YOUR OBJECTIVE >> Exactly the lines below starting at the line with "this 1280×960 image." and ending at the line with "this 1428×1904 image." are wanted, with both ends included. Leave out the pictures and add no other lines.

Entries taken from a collection
-=-=-

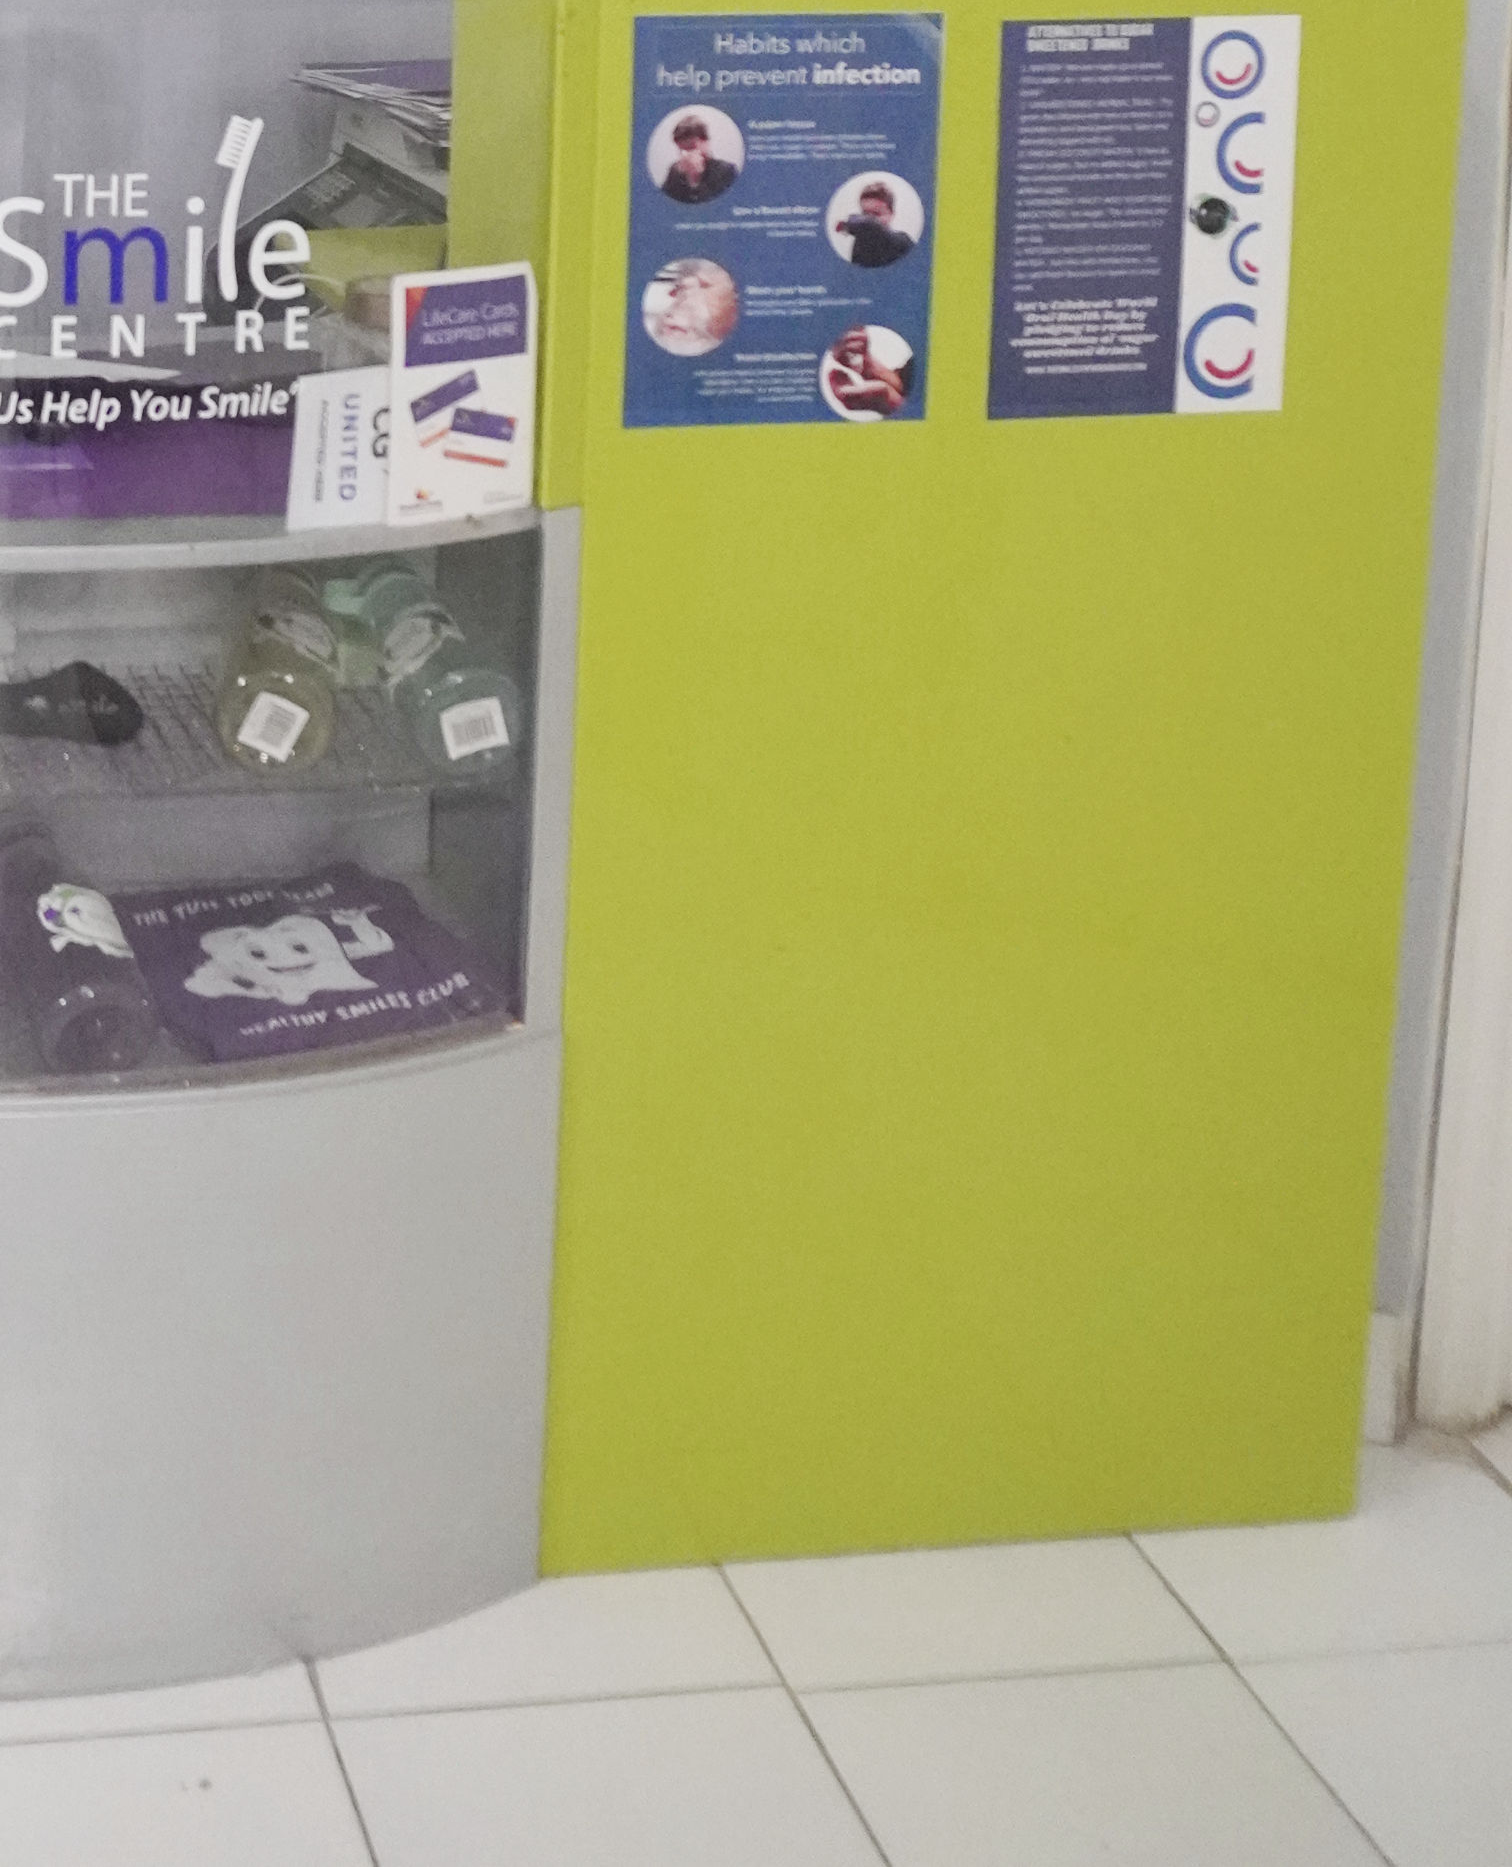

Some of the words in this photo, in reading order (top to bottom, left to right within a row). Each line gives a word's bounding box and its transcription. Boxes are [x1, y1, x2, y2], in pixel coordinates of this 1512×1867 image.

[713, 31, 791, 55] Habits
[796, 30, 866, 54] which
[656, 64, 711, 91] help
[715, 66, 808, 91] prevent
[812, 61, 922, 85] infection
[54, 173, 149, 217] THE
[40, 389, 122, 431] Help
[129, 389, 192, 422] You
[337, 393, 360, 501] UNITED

-=-=-

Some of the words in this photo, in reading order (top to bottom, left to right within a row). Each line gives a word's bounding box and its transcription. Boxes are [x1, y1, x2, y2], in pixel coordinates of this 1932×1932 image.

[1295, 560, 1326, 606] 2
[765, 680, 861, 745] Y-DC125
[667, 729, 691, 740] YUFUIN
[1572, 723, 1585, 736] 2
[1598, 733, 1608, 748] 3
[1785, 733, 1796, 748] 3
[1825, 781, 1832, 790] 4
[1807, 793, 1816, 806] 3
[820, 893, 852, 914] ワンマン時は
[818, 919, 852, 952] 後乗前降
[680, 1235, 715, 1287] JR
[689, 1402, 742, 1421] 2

-=-=-

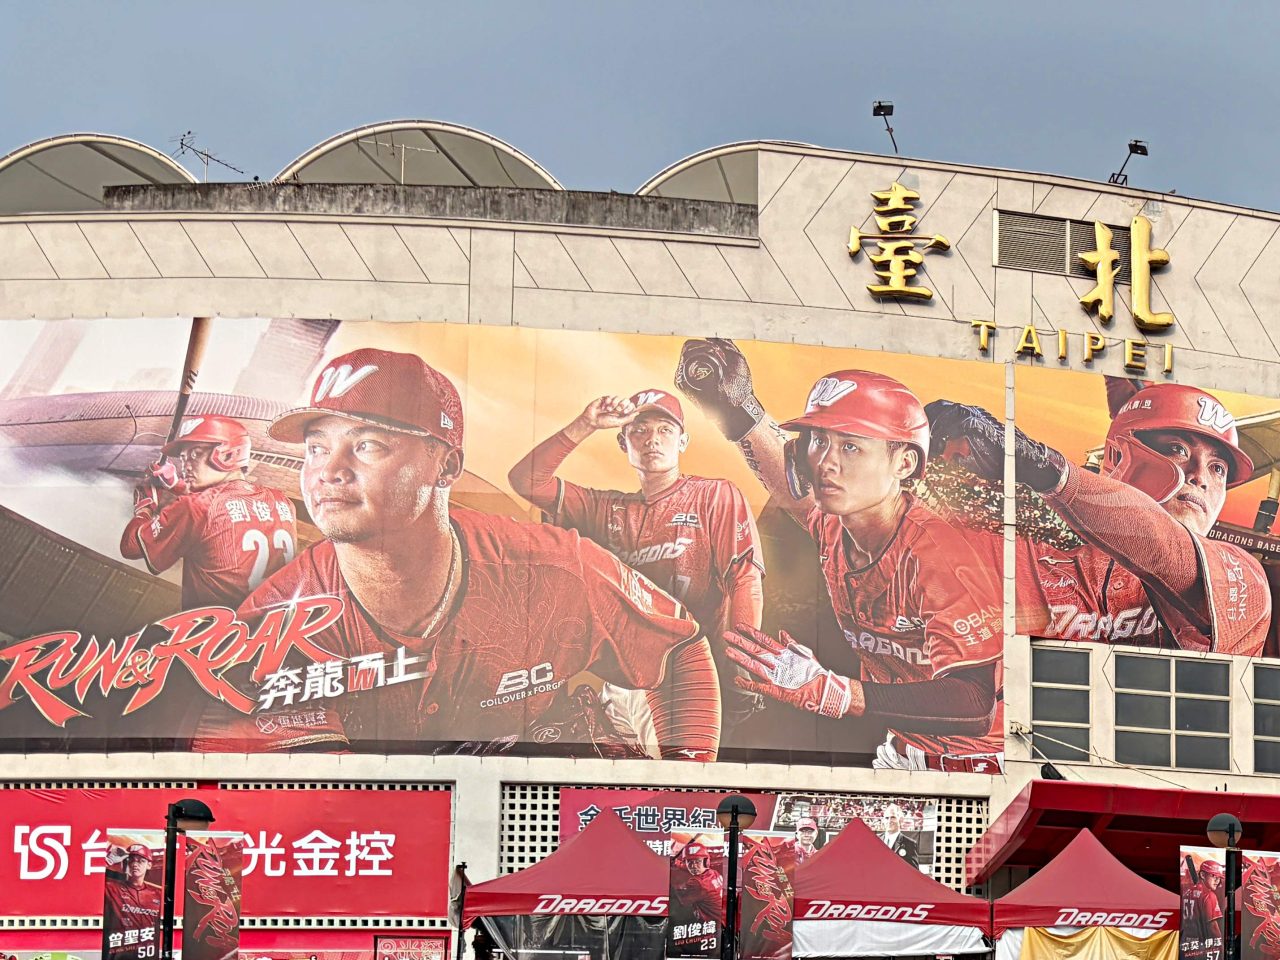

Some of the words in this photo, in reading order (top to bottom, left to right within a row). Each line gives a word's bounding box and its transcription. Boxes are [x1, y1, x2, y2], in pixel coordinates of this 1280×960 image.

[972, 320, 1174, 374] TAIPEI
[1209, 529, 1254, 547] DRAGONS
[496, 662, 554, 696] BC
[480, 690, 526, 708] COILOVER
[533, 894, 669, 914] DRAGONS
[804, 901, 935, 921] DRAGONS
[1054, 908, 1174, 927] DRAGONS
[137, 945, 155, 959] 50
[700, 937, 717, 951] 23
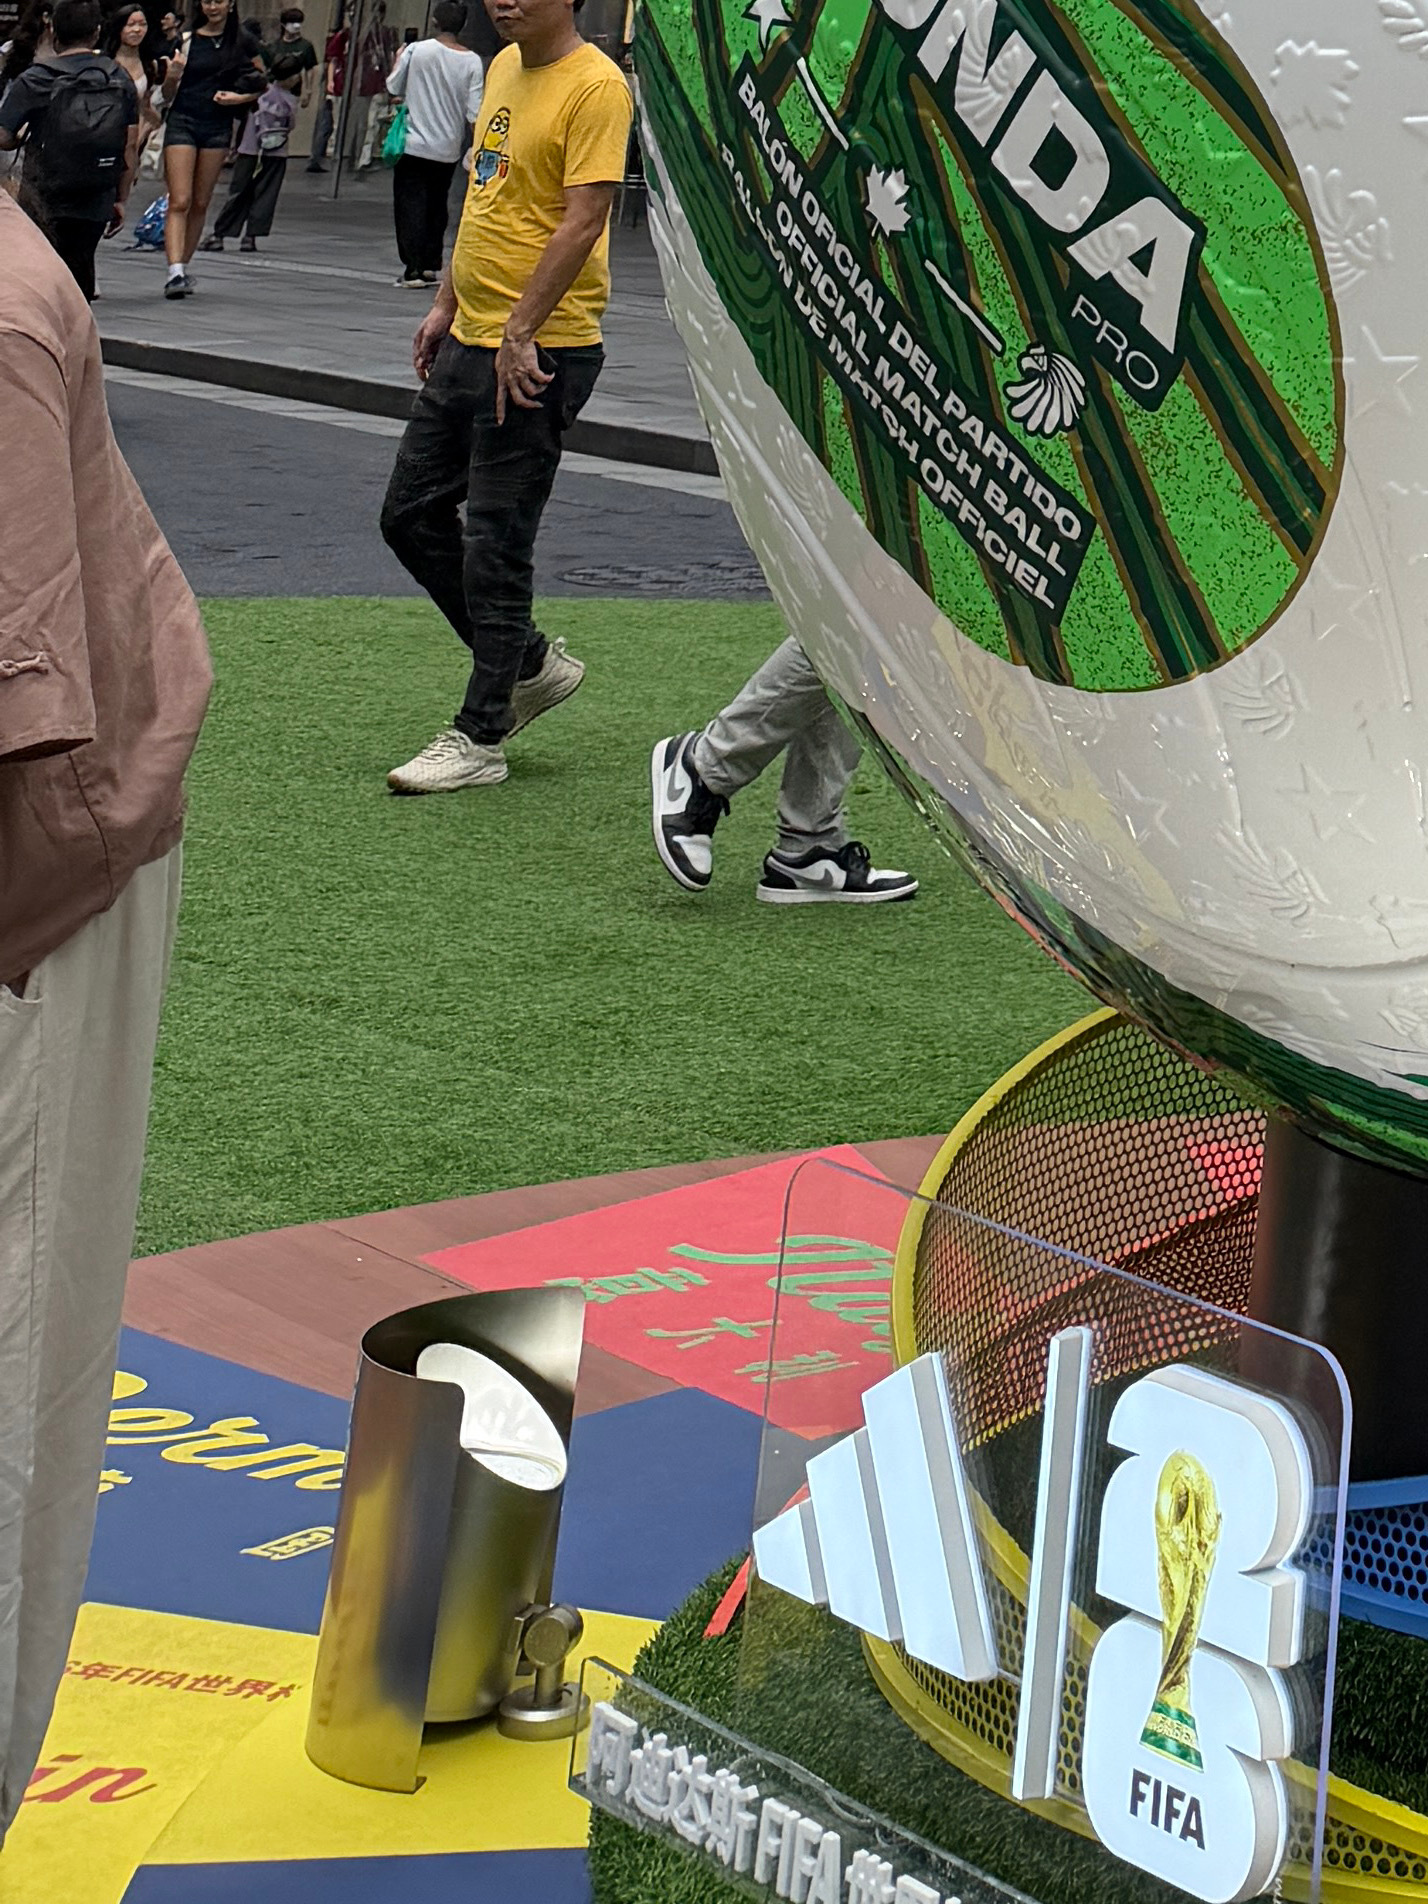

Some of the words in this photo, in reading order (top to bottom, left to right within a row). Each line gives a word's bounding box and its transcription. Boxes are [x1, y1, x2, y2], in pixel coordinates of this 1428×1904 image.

-=-=-

RESULT >>
Some of the words in this photo, in reading order (top to bottom, left to right within a row). Each line gives a word's bounding box and its transcription. Boxes are [x1, y1, x2, y2], in pixel coordinates of this 1280×960 image.

[972, 320, 1174, 374] TAIPEI
[1209, 529, 1254, 547] DRAGONS
[496, 662, 554, 696] BC
[480, 690, 526, 708] COILOVER
[533, 894, 669, 914] DRAGONS
[804, 901, 935, 921] DRAGONS
[1054, 908, 1174, 927] DRAGONS
[137, 945, 155, 959] 50
[700, 937, 717, 951] 23

Some of the words in this photo, in reading order (top to bottom, left to right within a row). Each line gives a word's bounding box and its transcription. Boxes are [x1, y1, x2, y2], in pixel coordinates of this 1428×1904 image.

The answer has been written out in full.